As Branner re-opens today after a 9-month, $20.2 million renovation, freshmen will be greeted with refurbished rooms - complete with new furniture, paint, lighting and carpeting, new bathrooms with the latest plumbing, fixtures, and showers, and a redone lounge with new TV cabinets, lighting, paints, and carpeting.
“It’s nicer in every conceivable fashion,” said RAs Sagar Chandaria, a senior.
RA J.P. Schnapper-Casteras, a junior, who like Chandaria lived in Branner his freshman year, added that “It’s well-lit and the water isn’t brown. Before, it just wasn’t up to today’s standards.”
Other changes to Branner include several new study rooms, new kitchenettes, a stronger foundation and structure, a new laundry room, an enlarged computer cluster, screens on windows, and a new courtyard.
There are also new outdoor social areas with barbecue pits, a new, larger 2-story RF cottage, along with new fire alarms and sprinklers. Some doubles were converted to singles as the Residential Housing and Dining Enterprises felt that the original rooms were too small.
“I think that this has been an exciting and rewarding project,” said Executive Director of Student Housing Rodger Whitney. “We have brought an 80-year-old, tired, run-down and beat-up dorm back to life so that it can start its next 80 years.
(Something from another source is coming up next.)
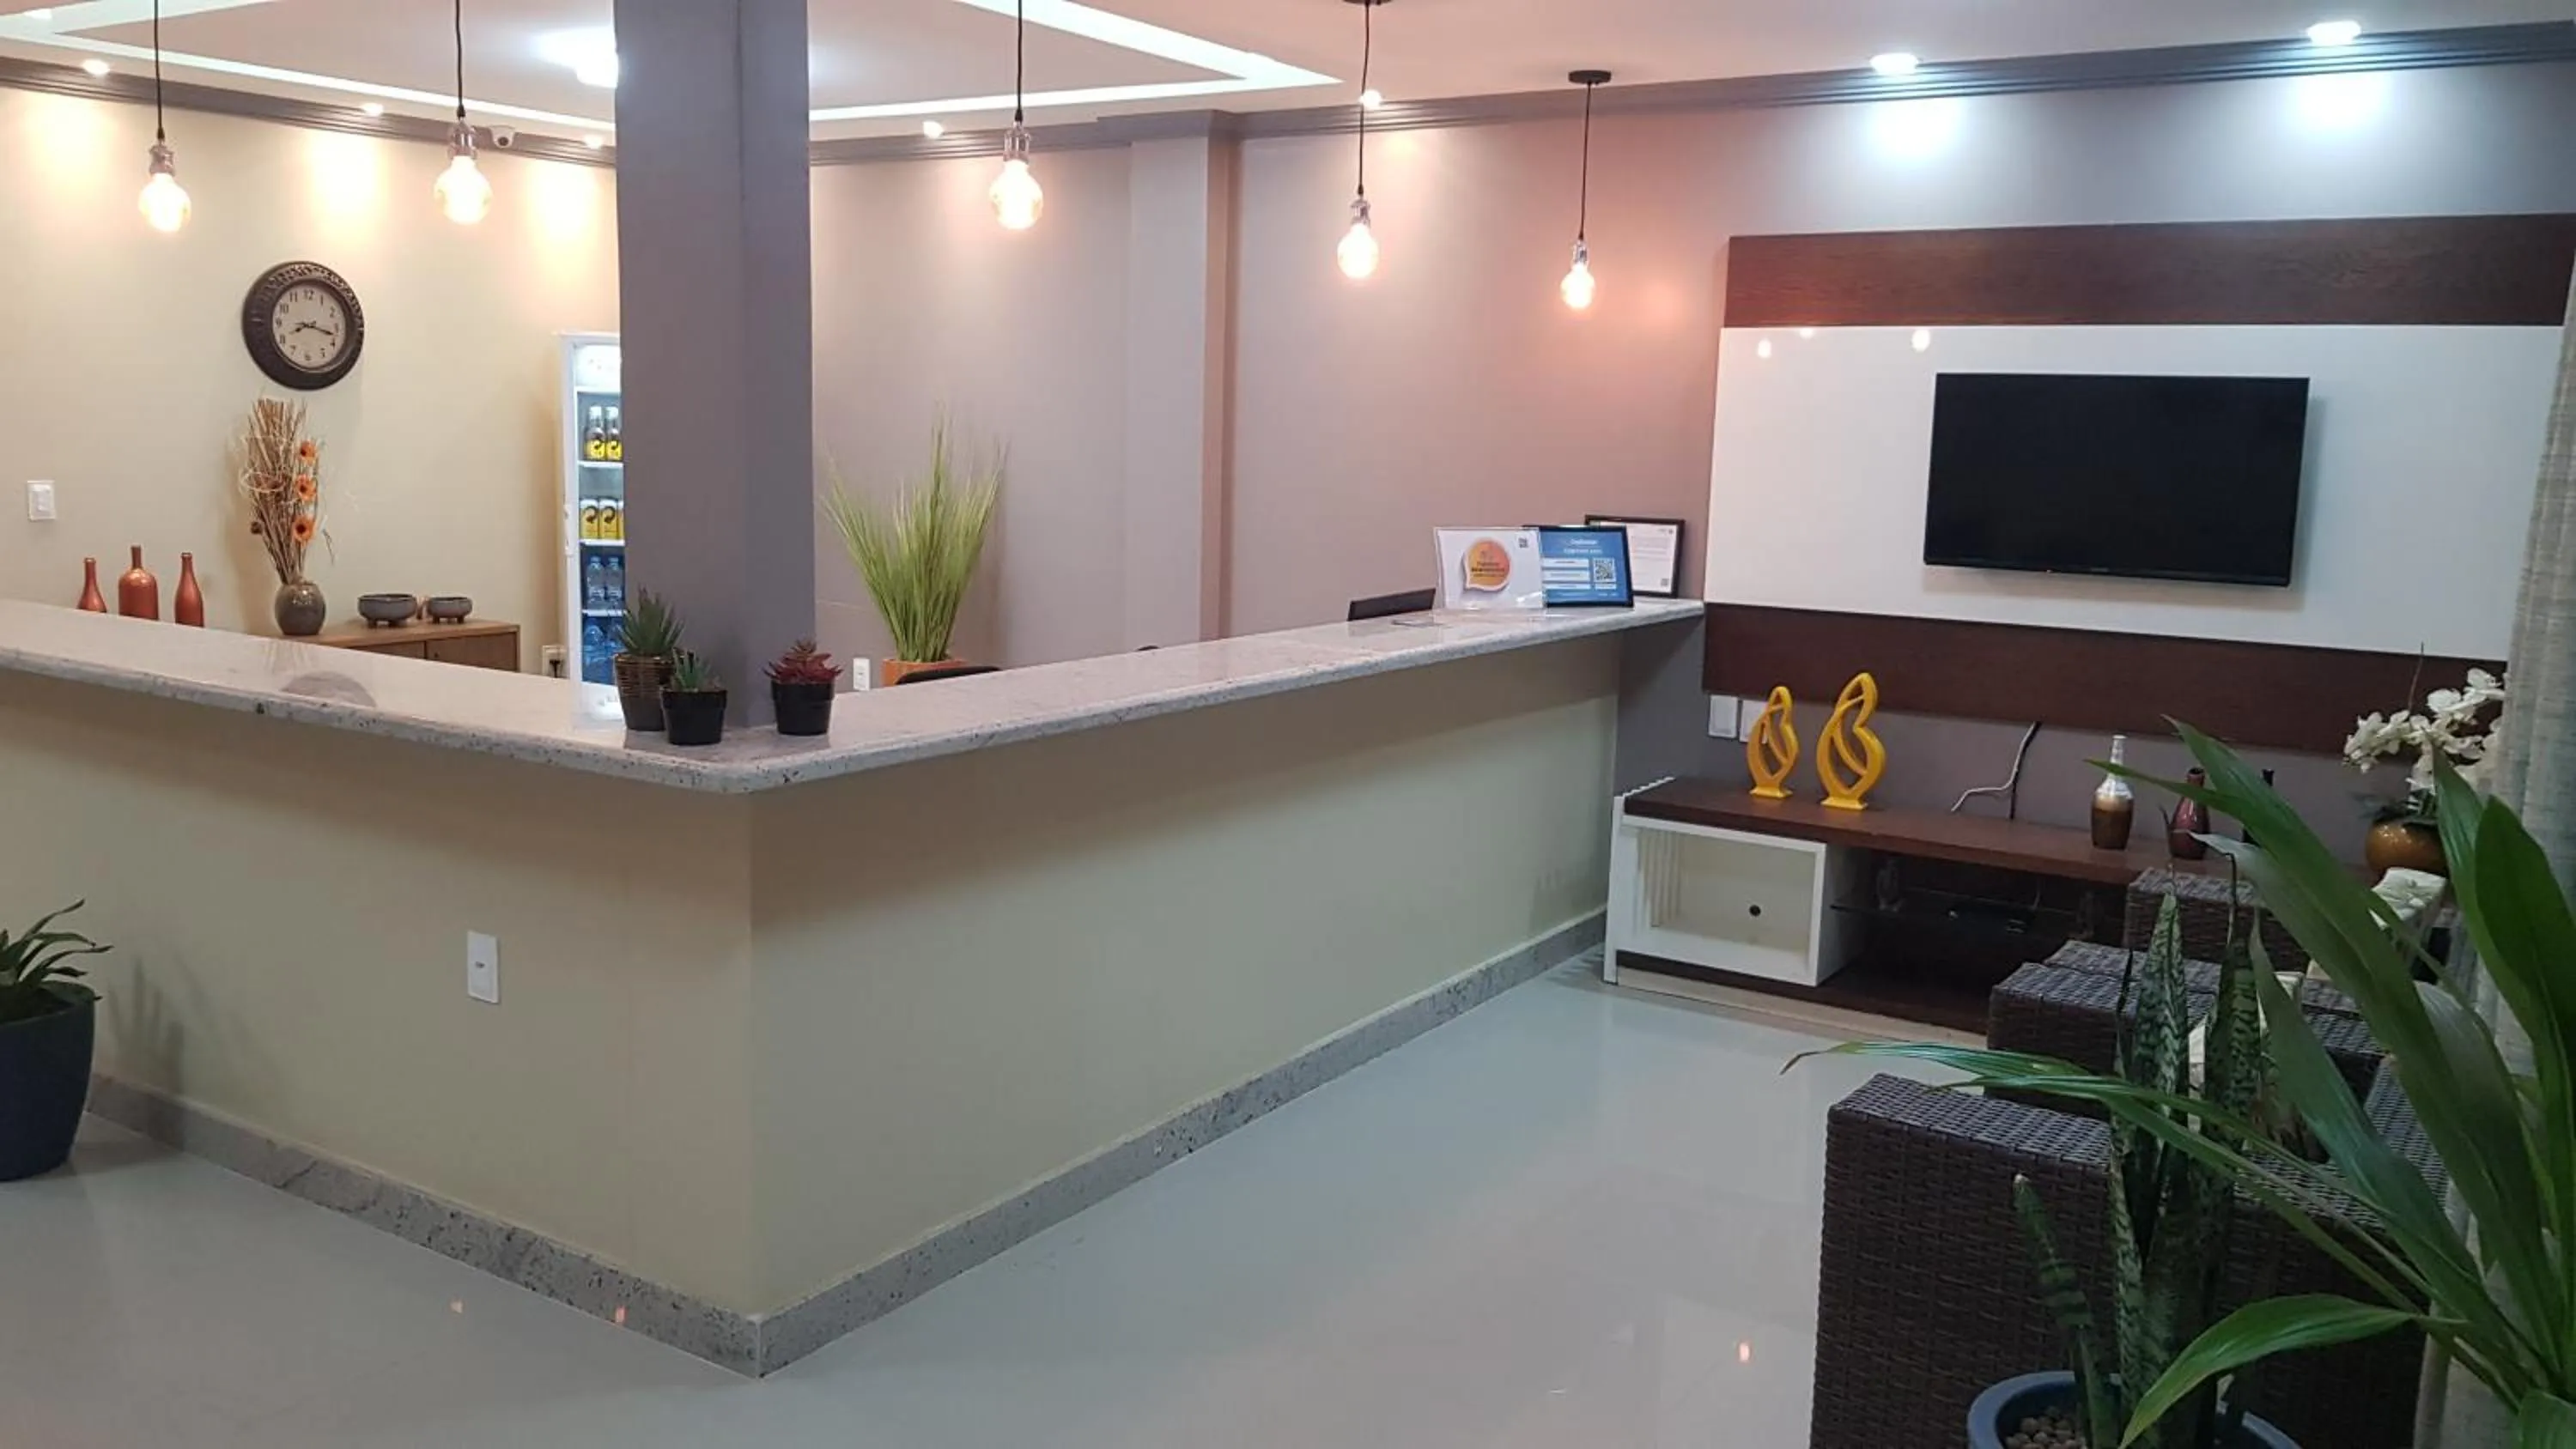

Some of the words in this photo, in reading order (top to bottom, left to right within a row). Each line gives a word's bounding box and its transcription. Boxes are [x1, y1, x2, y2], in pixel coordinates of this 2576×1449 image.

It’s truly a transformation.”
Although the new elevator and the new well-lit basement with study rooms, storage space and laundry room were top contenders, the RAs’ favorite feature of the renovation was the courtyard.
“It’s useful and beautiful,” Schnapper-Casteras said. “It went from being a marsh to being a high-class, swanky cafe; it went from being California to being France.”
The residential renovation cost about $15 million while the dining renovation cost $5.2 million. The new kitchen area and seven-station servery, described by Whitney as “state-of-the-art and contemporary,” was undeniably necessary as Branner meals had been prepared in the Manzanita kitchen for the past few years.
“I think it [Branner] is really, really nice,” said incoming freshman Lisa Falzone, who moved in early for athletic commitments. “There is much more space than I thought there would be. Somebody who graduated eighteen years ago recommended it to me. I’ve heard that everyone outside of Branner hates it, but that the people living there love it.”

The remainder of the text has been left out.